Nos rêves sont priés de prendre une douche froide
de Benoît Jeantet

critiqué par Nathafi, le 26 mars 2020
(SAINT-SOUPLET - 54 ans)


La note:  étoiles
Lutte permanente
Benoît Jeantet nous offre ce recueil dans la Collection "Paroles de Poètes", chez Jacques Flament Editions.

La mélancolie et le lâcher prise semblent être les maîtres mots de cet ouvrage.
Ces rêves et pensées, présentés en segments parfois ambigus, révèlent un esprit tourmenté, une âme désabusée, pleine de ressentiment, plongeant le lecteur dans l'intime et les blessures secrètes.

Luttant contre les fantômes de la nuit, un ennui profond et une lassitude face à un quotidien pesant, les textes se succèdent et forment un bloc d'émotions diverses.

Le monde est si glissant
qu'une colline sous la pluie

On voulait tous un gros morceau de ciel.
Bien sûr, y'en avait pas pour tout le monde.
Bien sûr.

J'en étais à peser le pour et le contre.
Et, quand même, le contre pesait mon âne mort.
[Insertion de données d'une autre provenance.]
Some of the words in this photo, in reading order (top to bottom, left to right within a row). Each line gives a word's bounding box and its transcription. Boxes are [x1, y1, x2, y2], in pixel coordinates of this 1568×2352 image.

Il apparaît parfois quelques bribes de clarté, un souvenir plus doux, un instant d'apaisement qui offre une bouffée d'oxygène.

Rien n'est plus bancal qu'un lundi matin.
Mais que ton sourire passe et repasse dessus
et alors tout, très vite, retrouve son équilibre.
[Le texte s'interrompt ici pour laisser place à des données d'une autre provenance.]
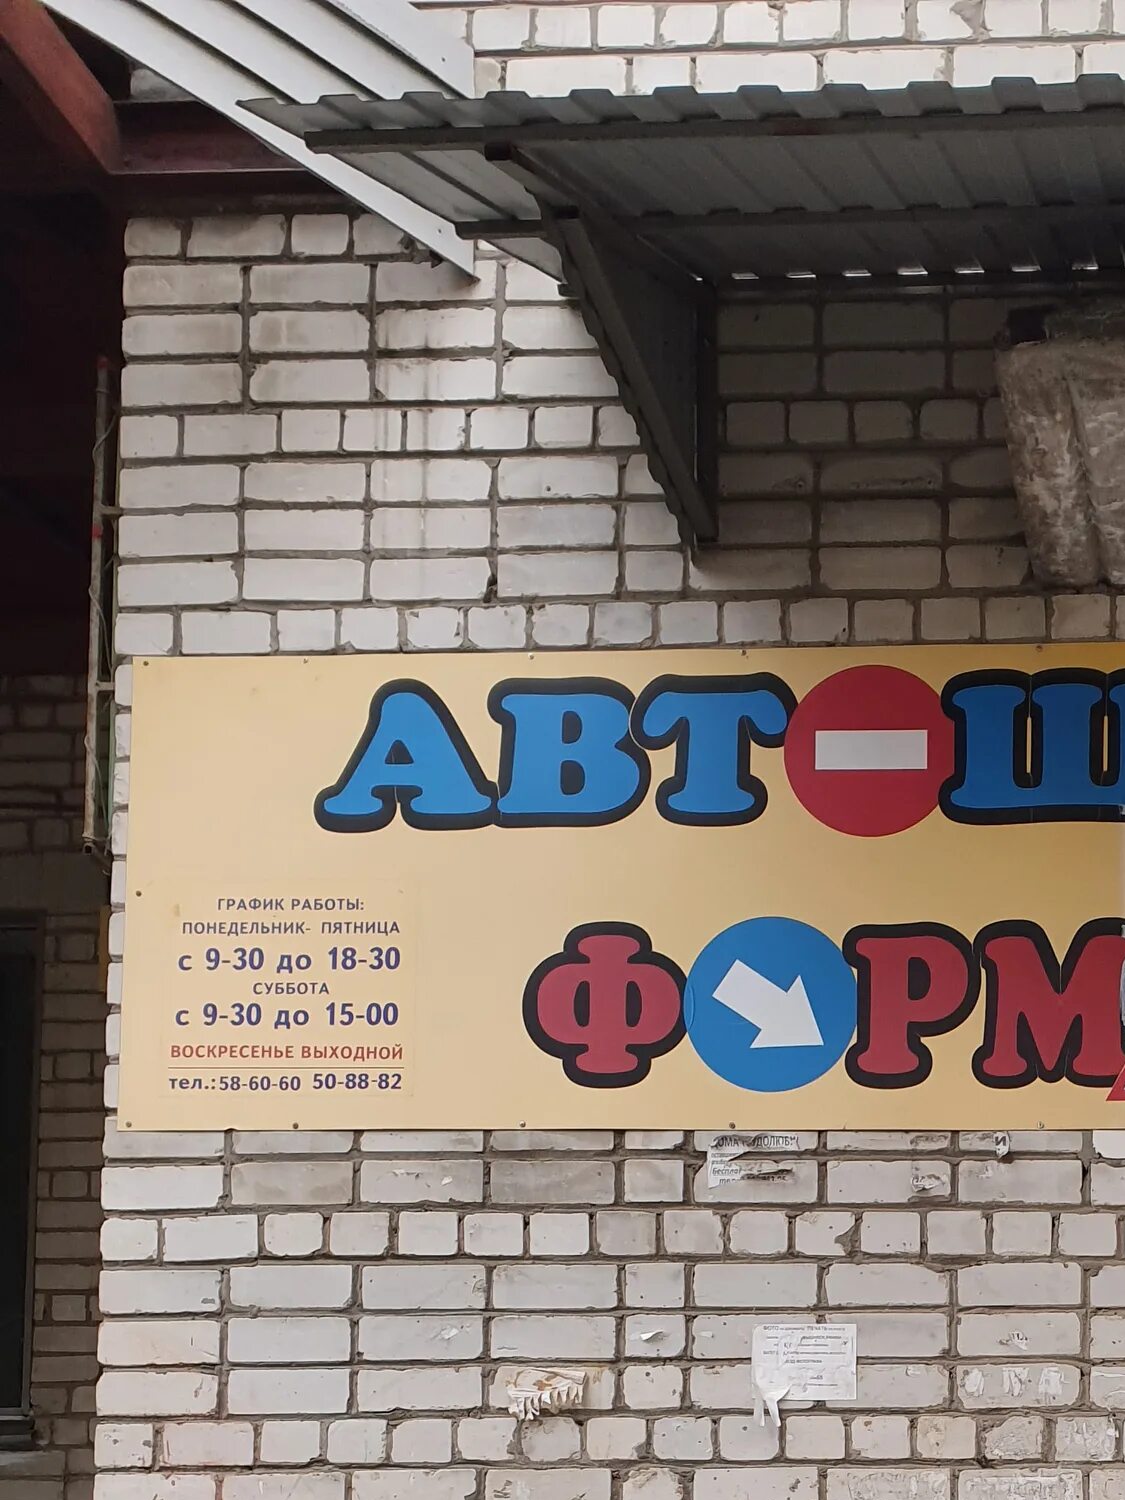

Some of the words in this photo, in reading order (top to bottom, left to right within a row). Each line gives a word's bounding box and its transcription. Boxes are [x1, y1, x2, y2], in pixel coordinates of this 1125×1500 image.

[217, 897, 284, 911] ГРАФИК
[290, 897, 365, 911] РАБОТЫ:
[321, 921, 401, 935] ПЯТНИЦА
[178, 953, 193, 971] с
[205, 947, 264, 971] 9-30
[276, 953, 312, 974] до
[327, 946, 401, 971] 18-30
[252, 981, 330, 995] СУББОТА
[175, 1009, 190, 1026] с
[202, 1002, 262, 1026] 9-30
[273, 1009, 310, 1029] до
[325, 1001, 399, 1026] 15-00
[170, 1044, 295, 1059] ВОСКРЕСЕНЬЕ
[301, 1043, 404, 1061] ВЫХОДНОЙ
[312, 1073, 402, 1090] 50-88-82
De métaphores en déductions implacables, de moments partagés au besoin d'exploser, l'âme perdue du poète a bien du mal à reprendre pied et avancer.

Mais oui, des fois, la tristesse
ça fait même voler en éclats
le carreau des fenêtres


Une douche froide serait bienvenue, effectivement, pour laver et évacuer toute cette tristesse, frapper l'épiderme de plein fouet et offrir, enfin, un renouveau.